ОН носил сто имен — и во всех звучала труба. Сто имен носила и она — и звучала в них музыка флейты. ОН был Отец Битв и Пронзающий, и Воины — любимые дети ЕГО, а солдат ОН презирал. ОН раздирал Реальность и убивал чудовищ — ОНА же превращала их в птиц и цветы. ОН любил ЕЕ — хотя и странной любовью...

Лгали жрецы, учащие, что ОНА — Милосердие и Сострадание. ОНА не знала, что это такое. ОНА говорила — тем, кто хотел слушать — что пуста и глупа жалость к страдающим и умирающим — Смерть есть плата за Жизнь. Страшна и бесплодна милость к искалеченным, к воющим и к нищим духом, ползающим по обочинам Жизни, а сострадание плодит страдание. ОНА не Милосердие, ОНА не Сострадание, ОНА — просто Любовь. Лишь Любовь способна превратить смерть в счастье и победу, разогнуть сгорбленных и поднять раздавленных...

ОНА исчезла.
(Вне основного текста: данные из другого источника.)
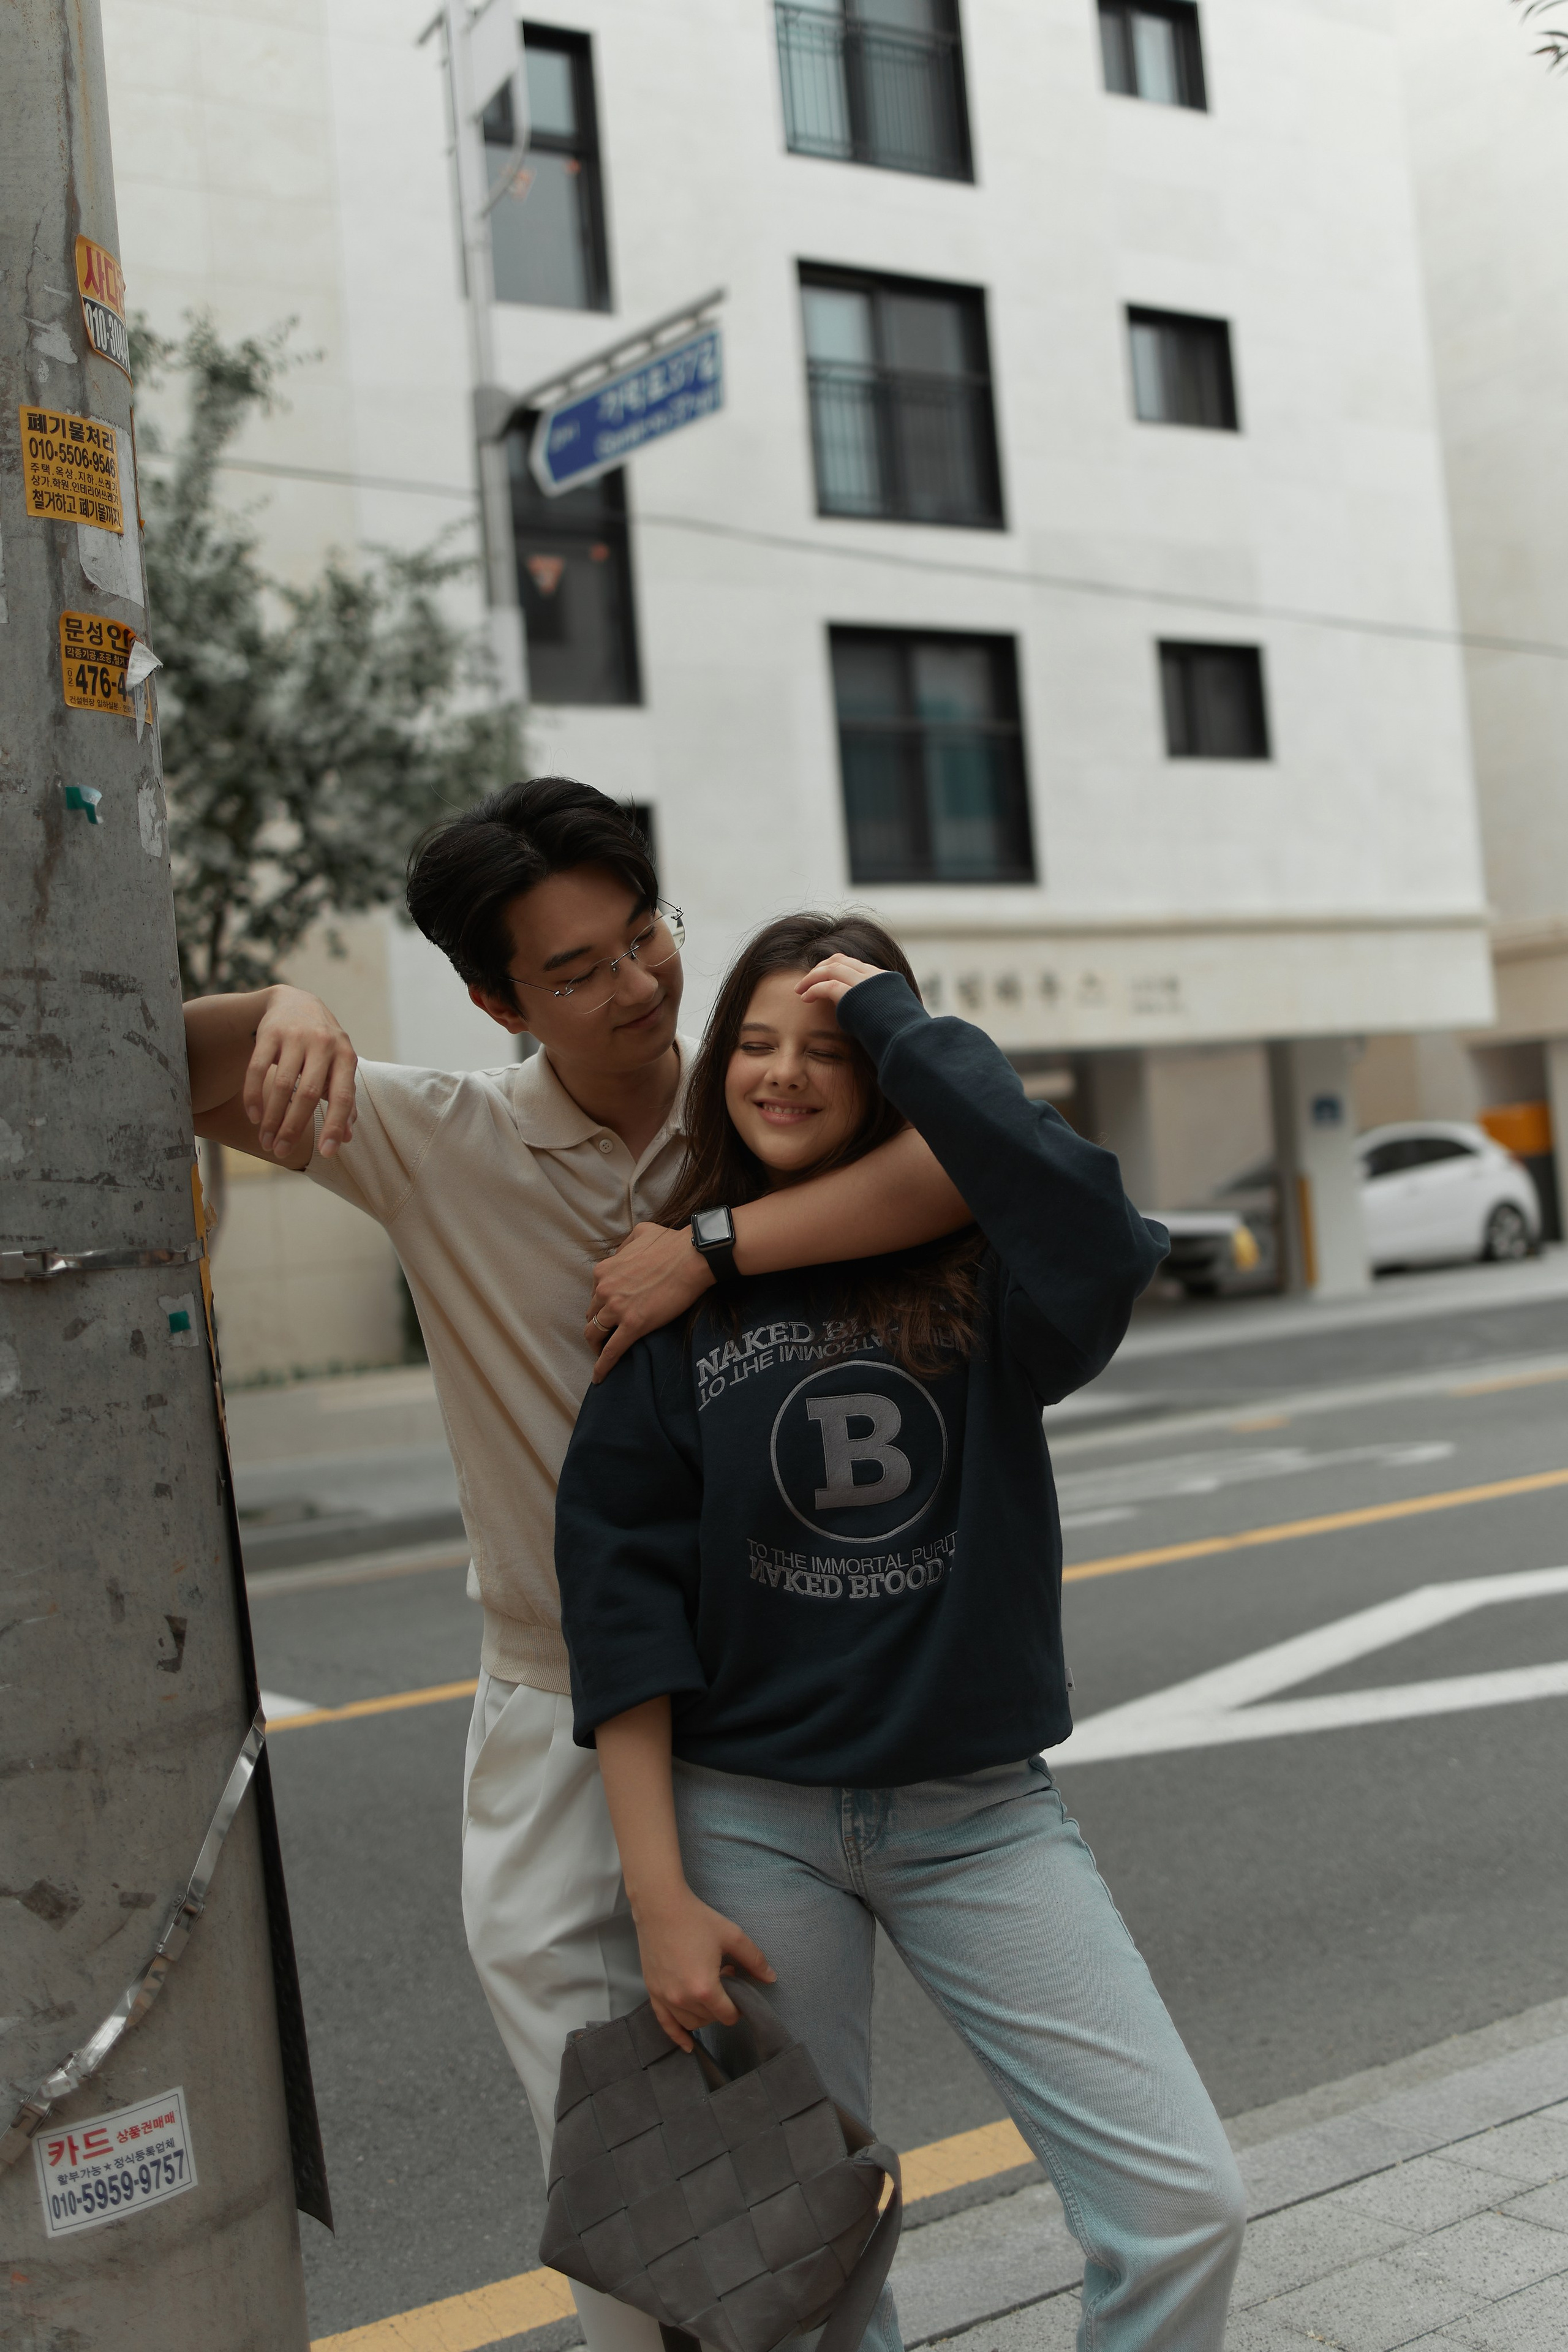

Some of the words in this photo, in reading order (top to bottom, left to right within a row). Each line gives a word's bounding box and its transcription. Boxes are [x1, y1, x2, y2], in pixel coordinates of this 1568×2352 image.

Тьму эпох или пару мгновений назад — время не только на Пике-над-Мирами ведет себя по-разному.

ОН стал искать.

И — нашел след, поднявшись на Пик-над-Мирами.

Прыжок с Пика-над-Мирами.
Время появилось

ОН кажется сияющим клубком сжатого, спрессованного в тугой шар света, устремившимся с вершины и пронзившим сверкающий лабиринт...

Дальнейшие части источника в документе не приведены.